Luciano Martins Costa, Observatório da Imprensa
“O Conselho Regional de Medicina do Ceará obteve liminar em ação na qual
requer o direito de negar registro provisório aos profissionais inscritos no
programa Mais Médicos. A representação dos médicos no Espírito Santo protocolou
processo no mesmo sentido, e tudo indica que a iniciativa vai se repetir em
outros estados, numa sucessão de manobras com a intenção declarada de atrasar e
desmoralizar o projeto governamental.
O Ministério da Saúde sentiu o golpe e seus porta-vozes demoraram a
acreditar que as entidades corporativistas da medicina brasileira chegariam a
esse ponto.
Não deveria haver surpresas. As entidades que representam os médicos
brasileiros se revelam desde o anúncio desse programa como uma versão em branco
dos “Black blocs”, que se apropriaram das manifestações de rua após o refluxo
dos protestos de junho. Como os vândalos encapuzados, eles representam agora
uma confraria que pode ser chamada de “White blocs”: priorizam a ação sobre a
reflexão, se destacam pela tática da agressão, mas a partir de suas iniciativas
não se pode identificar qual é sua estratégia. Provavelmente porque não possuem
uma estratégia eticamente defensável.
O chamado “bem comum”, genericamente invocado para justificar
bandalheiras e iniciativas contra o interesse coletivo, está presente tanto nos
manifestos das entidades médicas como nas palavras de ordem tartamudeadas pelos
aloprados que saem às ruas em busca de adrenalina.

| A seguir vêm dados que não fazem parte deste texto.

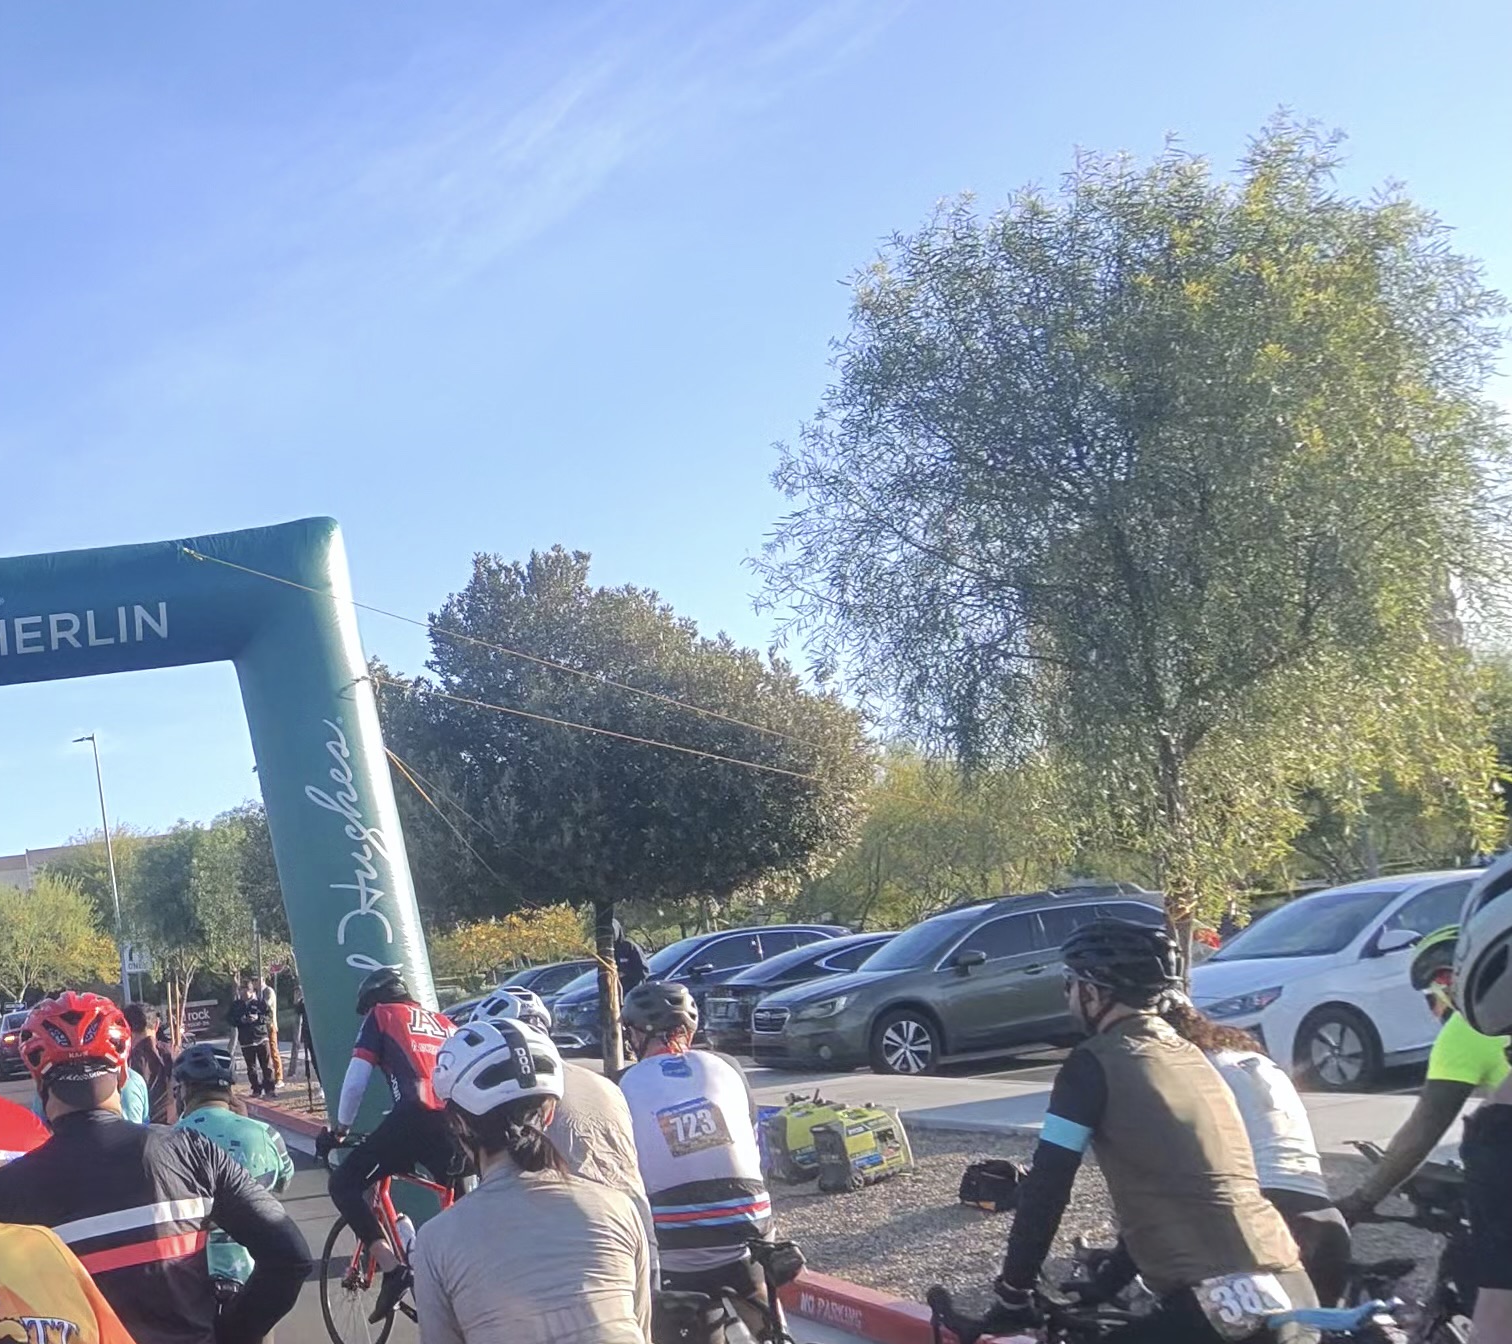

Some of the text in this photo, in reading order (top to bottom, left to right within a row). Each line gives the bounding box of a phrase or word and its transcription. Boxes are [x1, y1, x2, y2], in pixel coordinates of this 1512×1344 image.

A mídia tradicional condena liminarmente os “Black blocs”, mas oferece
amplo espaço para as entidades da medicina privada que pretendem pontificar
sobre saúde pública.
Os dois fenômenos são muito parecidos na tática e no que pode vir a
resultar de suas ações.
A imprensa critica os predadores mascarados porque atacam bancos e
representações do poder público, mas não se vê nos jornais nem na televisão a
imagem dos jovens “Black blocs” que, na manifestação do dia 7 de setembro, na
Avenida Paulista, erguiam cartazes com o retrato do general Emilio Garrastazu
Médici e pediam a volta da ditadura.
A imprensa poupa os “White blocs” porque são mais uma oportunidade de
proselitismo político.
Estratégia dissimulada
A grande diferença entre esses “blocs” aparentemente tão díspares quanto
o branco e o preto é que os “Black blocs” não têm um objetivo além da negação. Sua
mensagem é a ação, e violência é o máximo que podem produzir em termos de
proposta política – mas embora possam parecer um sistema estruturado, não o
são. Seriam mais apropriadamente descritos como um programa de destruição que
se estrutura aleatoriamente pela ação.
Já os “White blocs” são um sistema estruturado e desestruturante.
Organizam-se
em torno de uma agenda específica e pretendem desfazer aquilo que parece
ameaçador a seus interesses como conjunto corporativista.
Nenhum dos dois grupos pode revelar sua estratégia. Os “black” porque
não a possuem, os “white” porque não podem revelar que se colocam liminarmente
contra ações emergenciais destinadas a amenizar os carências da saúde pública.
O interessante é que, no conjunto, as iniciativas dos dois agrupamentos
parecem produzir um efeito contrário: os grupos de predadores são repudiados
pelos movimentos sociais; a tática das entidades médicas parece aumentar a
aprovação da sociedade ao programa de envio de profissionais de saúde para os
lugares desassistidos.
Os jornais de quarta-feira (11/9) reproduzem resultado de pesquisa
realizada por iniciativa da Confederação Nacional do Transporte.
>> O Estado de S. Paulo afirma: “Pactos ajudaram Dilma, diz
pesquisa”.
>> A Folha de S. Paulo anuncia: “Aprovação do governo Dilma
sobe 7 pontos desde julho, diz pesquisa”.
>> O Globo é mais direto: “Mais Médicos ajuda popularidade
do governo Dilma”.
Os três diários se veem obrigados a
registrar que, embora aos trancos e barrancos, a resposta do governo atende
parte das reivindicações.
É bastante provável que o governo federal
só tenha se movimentado, dando partida ao programa Mais Médicos e outros
projetos que vinham se arrastando na lenta burocracia de Brasília, por causa do
impacto das manifestações de junho. Pode-se afirmar, por outro lado, que o
governo bate cabeça e demonstra pouca agilidade e firmeza em muitas questões
que foram levadas às ruas, como a reforma política. Mas a violência dos “Black
blocs” e as chicanas dos “White blocs” não são alternativas aceitáveis.”